Il manifestarsi del guasto di un motore alla ascissa xNR rappresenta la situazione più gravosa:
infatti se la piantata del motore si verifica per xR < xNR il pilota potrà rinunciare al decollo e
arrestarsi, occupando un tratto di pista (misurato a partire dal punto in cui inizia il rullaggio) di
lunghezza xF sicuramente inferiore alla DBD. Se la piantata di un motore si verifica per xG >
xNR il pilota potrà comunque decollare in una lunghezza (sempre misurata a partire dal punto
in cui inizia il rullaggio) pari a xTO*, maggiore del normale xTO, ma minore della DBD.

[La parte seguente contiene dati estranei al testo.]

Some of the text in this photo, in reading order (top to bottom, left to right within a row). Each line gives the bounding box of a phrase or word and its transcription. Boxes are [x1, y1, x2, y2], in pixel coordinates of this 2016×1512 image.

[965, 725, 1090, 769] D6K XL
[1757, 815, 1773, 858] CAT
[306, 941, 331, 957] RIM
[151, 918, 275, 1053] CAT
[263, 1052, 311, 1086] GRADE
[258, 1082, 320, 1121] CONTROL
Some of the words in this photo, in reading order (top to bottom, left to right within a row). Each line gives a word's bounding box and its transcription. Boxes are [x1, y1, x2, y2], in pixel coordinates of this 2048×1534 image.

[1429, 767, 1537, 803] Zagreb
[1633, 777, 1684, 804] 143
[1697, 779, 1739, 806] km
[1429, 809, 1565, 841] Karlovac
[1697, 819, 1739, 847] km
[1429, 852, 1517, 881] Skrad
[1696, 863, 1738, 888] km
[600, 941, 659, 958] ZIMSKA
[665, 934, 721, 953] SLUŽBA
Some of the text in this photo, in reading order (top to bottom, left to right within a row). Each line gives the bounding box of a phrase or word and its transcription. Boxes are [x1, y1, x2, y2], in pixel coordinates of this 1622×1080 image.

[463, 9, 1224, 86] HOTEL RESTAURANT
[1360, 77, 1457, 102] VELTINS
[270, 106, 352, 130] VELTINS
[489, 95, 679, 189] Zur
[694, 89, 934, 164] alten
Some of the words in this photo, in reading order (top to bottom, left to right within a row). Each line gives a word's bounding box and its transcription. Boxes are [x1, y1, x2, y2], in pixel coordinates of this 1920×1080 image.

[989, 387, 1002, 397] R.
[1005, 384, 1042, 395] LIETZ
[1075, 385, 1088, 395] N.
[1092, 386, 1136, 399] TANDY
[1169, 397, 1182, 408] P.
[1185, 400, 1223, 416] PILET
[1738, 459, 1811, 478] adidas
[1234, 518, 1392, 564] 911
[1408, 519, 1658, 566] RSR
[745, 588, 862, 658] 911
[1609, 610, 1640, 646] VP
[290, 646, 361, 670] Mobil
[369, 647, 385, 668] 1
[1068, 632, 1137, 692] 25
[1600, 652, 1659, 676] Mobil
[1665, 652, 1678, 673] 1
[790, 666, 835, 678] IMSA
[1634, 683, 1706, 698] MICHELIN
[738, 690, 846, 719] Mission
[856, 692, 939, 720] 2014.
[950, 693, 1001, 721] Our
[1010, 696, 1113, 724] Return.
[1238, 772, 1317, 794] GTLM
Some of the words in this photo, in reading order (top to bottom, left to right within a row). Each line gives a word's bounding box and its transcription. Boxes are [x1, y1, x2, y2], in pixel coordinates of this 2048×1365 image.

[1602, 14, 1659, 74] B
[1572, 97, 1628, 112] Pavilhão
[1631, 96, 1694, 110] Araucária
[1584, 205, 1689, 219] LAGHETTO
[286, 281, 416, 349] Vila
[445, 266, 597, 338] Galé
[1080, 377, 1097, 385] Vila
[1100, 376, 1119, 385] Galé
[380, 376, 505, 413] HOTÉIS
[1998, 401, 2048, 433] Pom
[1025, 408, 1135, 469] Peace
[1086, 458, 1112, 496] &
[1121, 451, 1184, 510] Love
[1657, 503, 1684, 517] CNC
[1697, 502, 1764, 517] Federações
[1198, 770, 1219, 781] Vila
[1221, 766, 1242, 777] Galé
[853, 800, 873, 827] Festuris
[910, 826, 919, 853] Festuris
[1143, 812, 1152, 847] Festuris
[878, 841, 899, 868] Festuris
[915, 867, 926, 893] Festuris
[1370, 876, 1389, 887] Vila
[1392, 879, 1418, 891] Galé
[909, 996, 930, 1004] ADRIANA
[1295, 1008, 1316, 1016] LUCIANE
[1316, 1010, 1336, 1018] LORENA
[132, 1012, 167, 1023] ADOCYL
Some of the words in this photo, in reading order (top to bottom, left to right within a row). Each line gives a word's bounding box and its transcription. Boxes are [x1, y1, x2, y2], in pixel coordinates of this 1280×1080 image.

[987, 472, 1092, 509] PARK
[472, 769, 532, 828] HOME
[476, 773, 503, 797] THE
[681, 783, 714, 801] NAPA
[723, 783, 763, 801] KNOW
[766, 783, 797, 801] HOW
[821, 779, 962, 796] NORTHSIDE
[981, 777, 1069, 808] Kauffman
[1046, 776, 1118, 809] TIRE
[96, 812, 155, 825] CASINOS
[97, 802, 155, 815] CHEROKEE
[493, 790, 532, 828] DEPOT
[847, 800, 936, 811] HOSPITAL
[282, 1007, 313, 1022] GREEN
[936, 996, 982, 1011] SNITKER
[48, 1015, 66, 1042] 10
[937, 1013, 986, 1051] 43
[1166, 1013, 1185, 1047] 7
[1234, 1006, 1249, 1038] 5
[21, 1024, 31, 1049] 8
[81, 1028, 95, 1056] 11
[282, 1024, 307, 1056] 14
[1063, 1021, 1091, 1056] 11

Quindi la DBD rappresenta la maggior lunghezza di pista occupabile nel caso peggiore che la
piantata di motore avvenga proprio ad xNR. Si noti che se la piantata avviene prima conviene
abortire il decollo, mentre se la piantata di motore avviene oltre xNR conviene continuare il
decollo.

L’imposizione normativa consiste nel fatto che ad un aeroplano (con le sue caratteristiche, un
certo peso W e tenendo conto della quota dell’aeroporto e delle condizioni atmosferiche per
la loro influenza sulle azioni aerodinamiche e propulsive, nonché delle condizioni della pista
per quanto riguarda coefficienti d’attrito e possibile decelerazione in frenata) è permesso
iniziare il decollo solo se la DBD è minore (di un margine specificato, assunto come fattore di
sicurezza) della lunghezza della pista.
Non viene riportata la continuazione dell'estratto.